WORK TO COMPLETE
Once the pictures are set aside, copy the records below exactly as they stand.

DATA PROVIDED
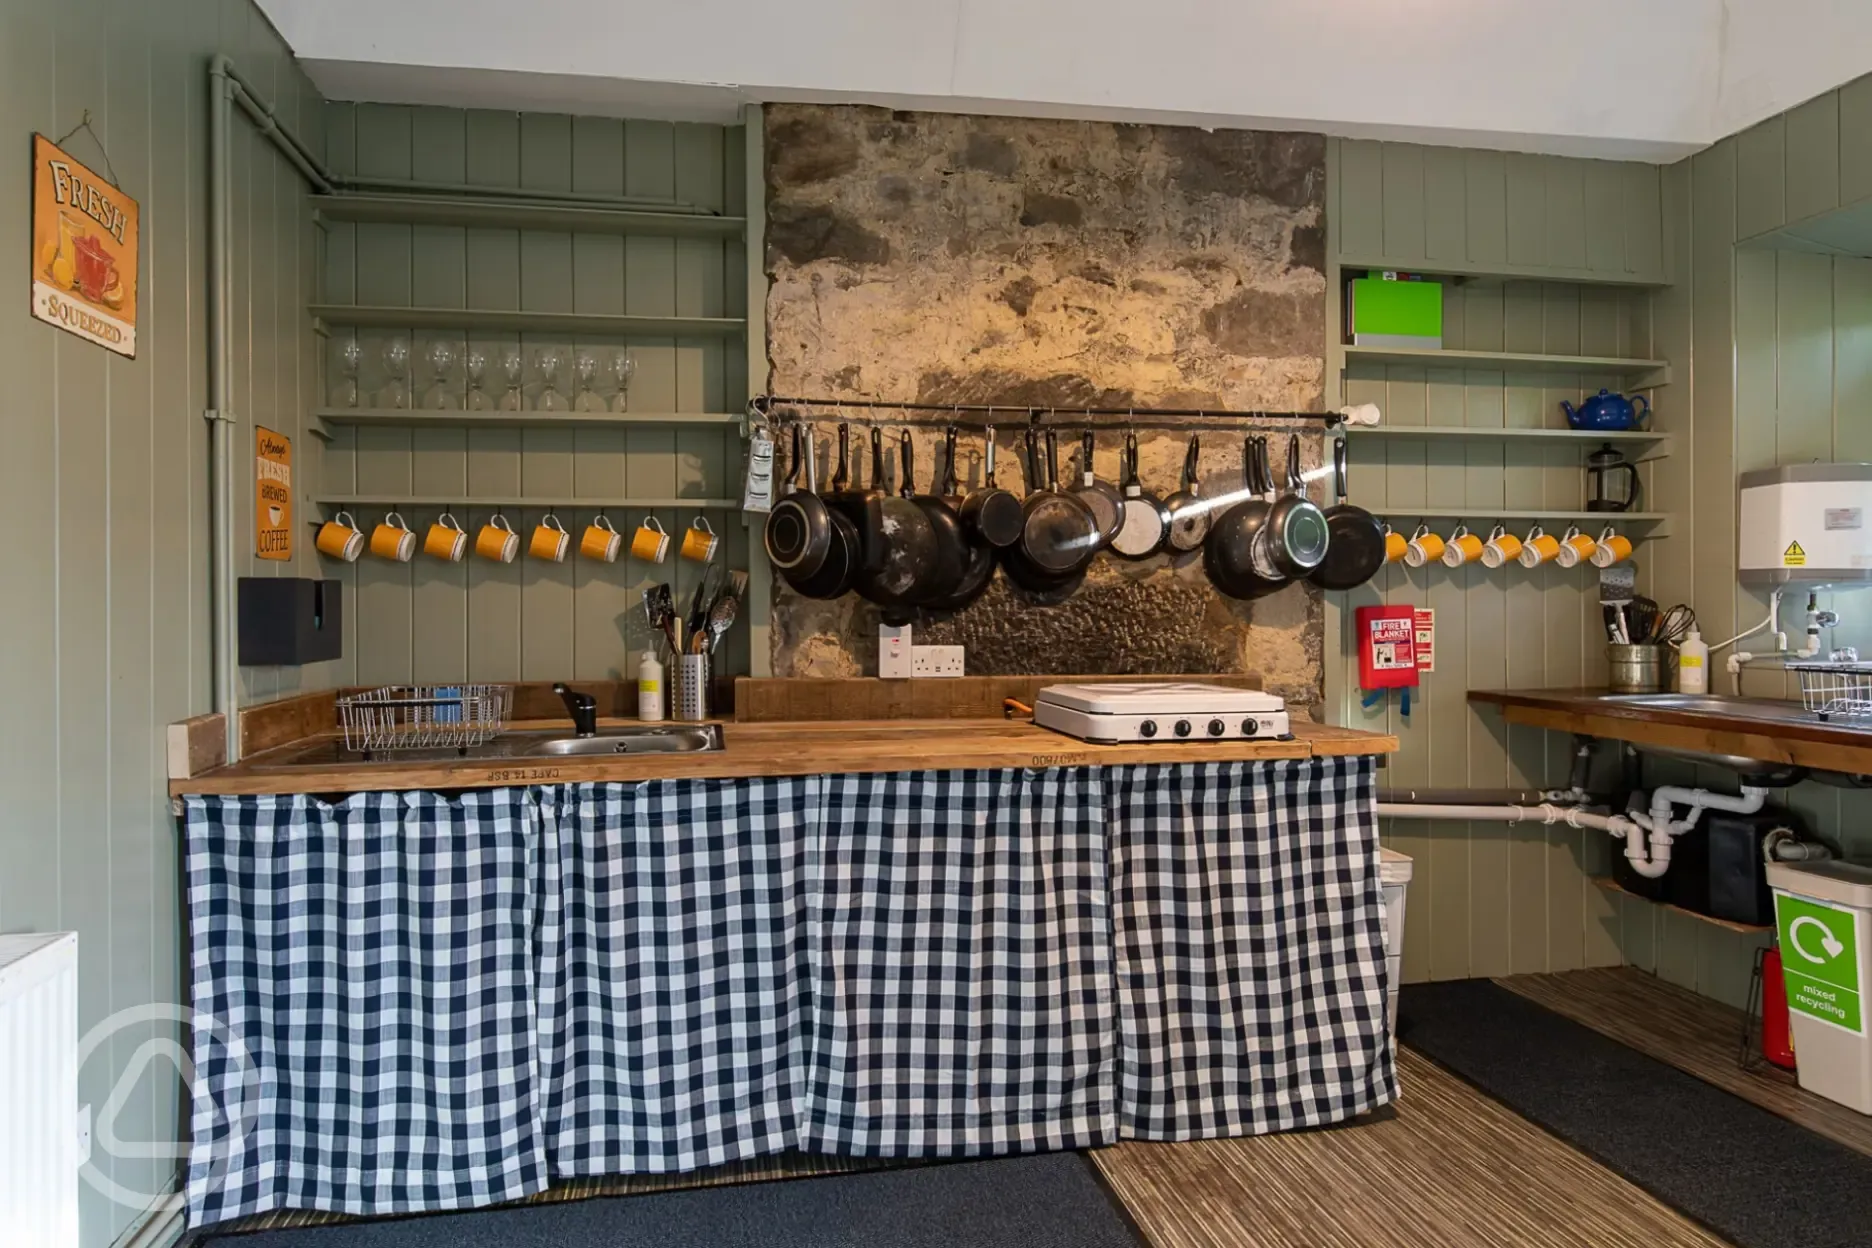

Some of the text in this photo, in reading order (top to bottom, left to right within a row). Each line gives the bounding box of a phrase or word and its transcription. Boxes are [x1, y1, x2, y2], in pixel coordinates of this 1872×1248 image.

[49, 160, 128, 245] FRESH
[48, 294, 122, 344] SQUEEZED
[260, 437, 286, 458] Always
[256, 456, 290, 488] FRESH
[262, 484, 288, 503] BREWED
[260, 529, 288, 552] COFFEE
[1374, 630, 1408, 638] BLANKET
[1803, 985, 1836, 1002] mixed
[1796, 994, 1846, 1019] recycling

ANSWER SPACE
Some of the text in this photo, in reading order (top to bottom, left to right within a row). Each line gives the bounding box of a phrase or word and its transcription. Boxes are [x1, y1, x2, y2], in pixel coordinates of this 1872×1248 image.

[49, 160, 128, 245] FRESH
[48, 294, 122, 344] SQUEEZED
[260, 437, 286, 458] Always
[256, 456, 290, 488] FRESH
[262, 484, 288, 503] BREWED
[260, 529, 288, 552] COFFEE
[1374, 630, 1408, 638] BLANKET
[1803, 985, 1836, 1002] mixed
[1796, 994, 1846, 1019] recycling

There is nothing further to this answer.